Basic Guide to Infection Prevention and Control in Dentistry PDF
Dentists are exposed to a wide variety of potentially infectious microorganisms in their clinical environment. The transmission of infectious agents from person to person or from inanimate objects within the clinical environment resulting in infection is known as cross-infection.
The protocols and procedures involved in the prevention and control of infection in dentistry are directed to reduce the possibility or risk of crossinfection occurring in the dental clinic, thereby producing a safe environment for both patients and staff.
All employers have a legal obligation under the Health and Safety at Work Act 1974 to ensure that all their employees are appropriately trained and proficient in the procedures necessary for working safely. They are also required by the Control of Substances Hazardous to Health (COSHH) Regulations 2002 to review every procedure carried out by their employees which involves contact with a substance hazardous to health, including pathogenic microorganisms. Employers and their employees are also responsible in law to ensure that any person on the premises, including patients, contractors and visitors, is not placed at any avoidable risk, as far as is reasonably practicable.

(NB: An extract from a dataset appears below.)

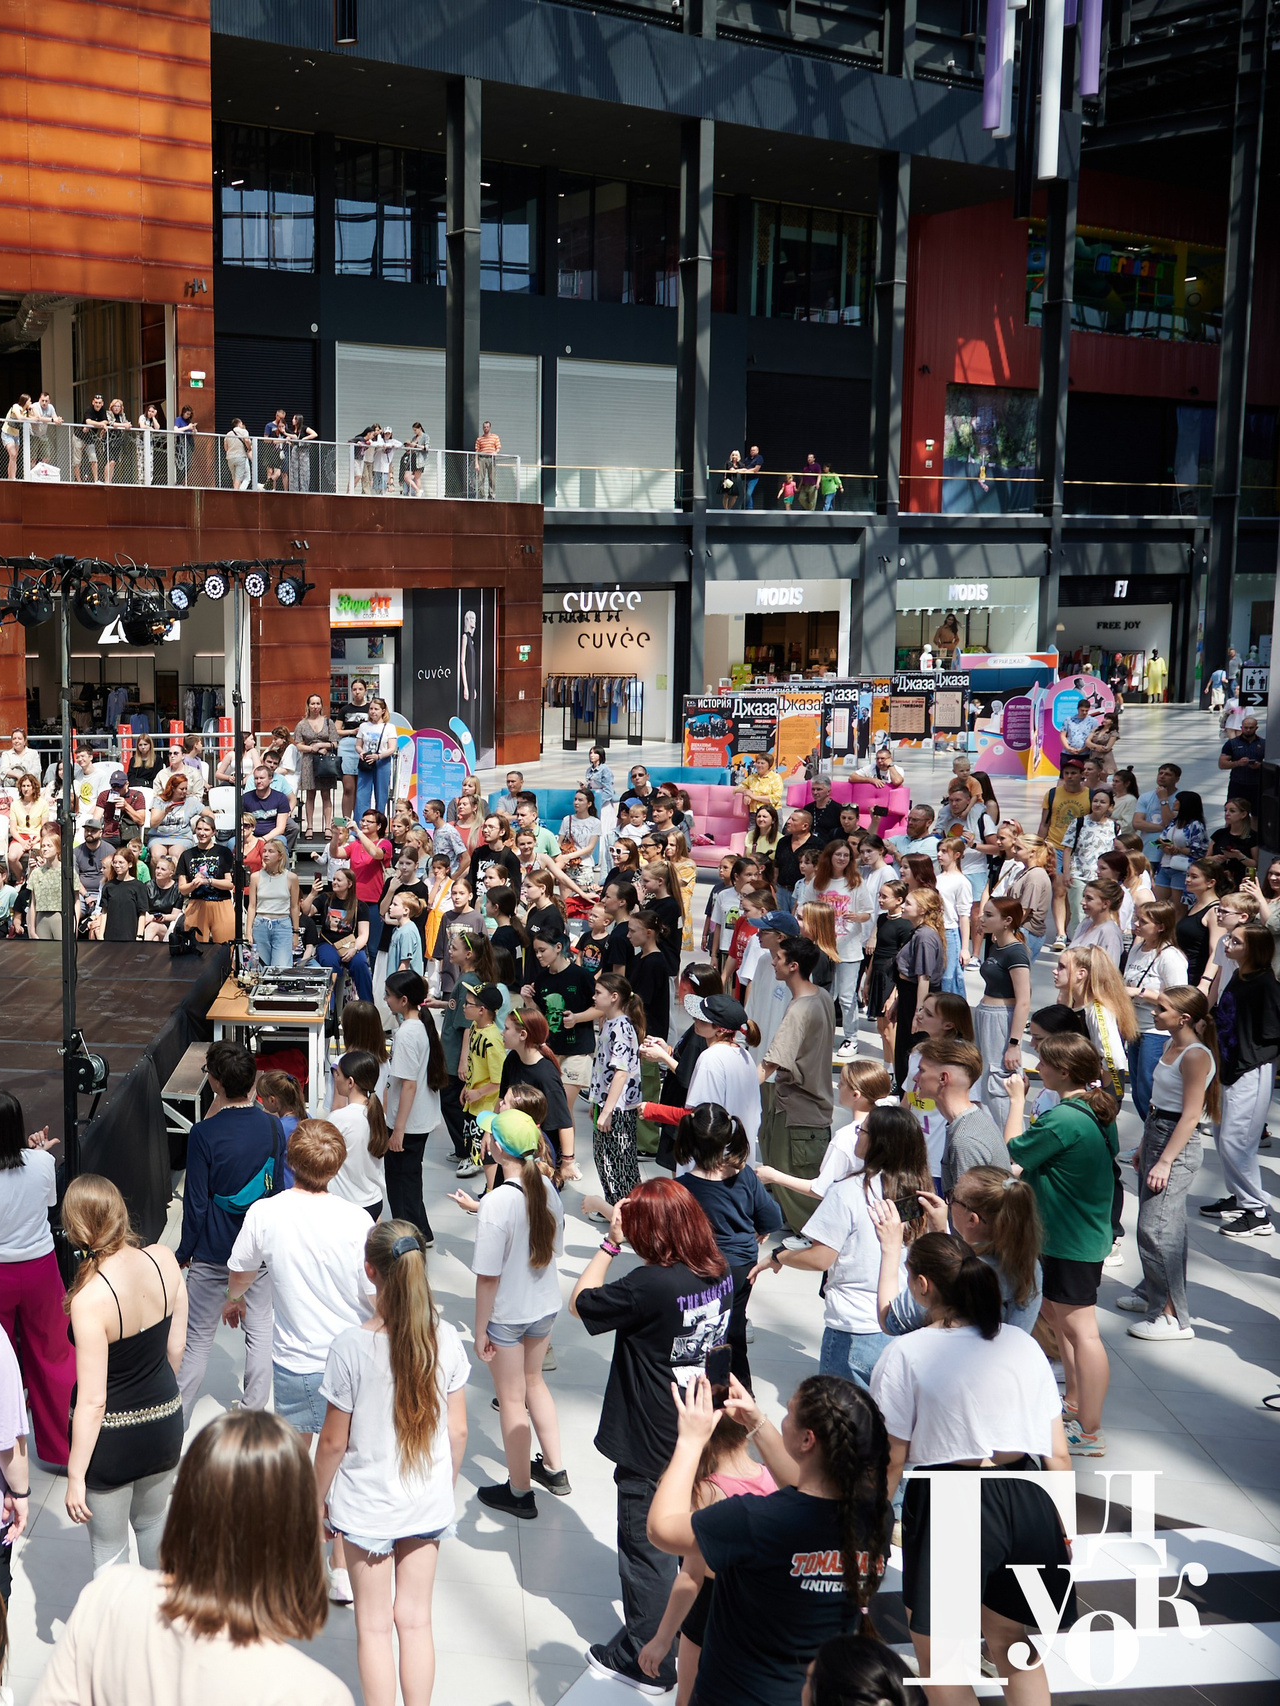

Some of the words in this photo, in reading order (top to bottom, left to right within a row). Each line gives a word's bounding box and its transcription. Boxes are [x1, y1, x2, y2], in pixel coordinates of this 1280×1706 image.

Thus, the concept of the risk of cross-infection is an important one in dentistry. We do not deal in absolutes, but our infection control measures are directed towards reducing, to an acceptable level, the probability or possibility that an infection could be transmitted. This is usually measured against the background infection rate expected in the local population; i.e. the patient or dental operative system is placed at no increased risk of infection when entering the dental environment. Infection control guidance in dental surgery has developed from an assessment of the evidence base, consideration of the best clinical practice and risk assessment.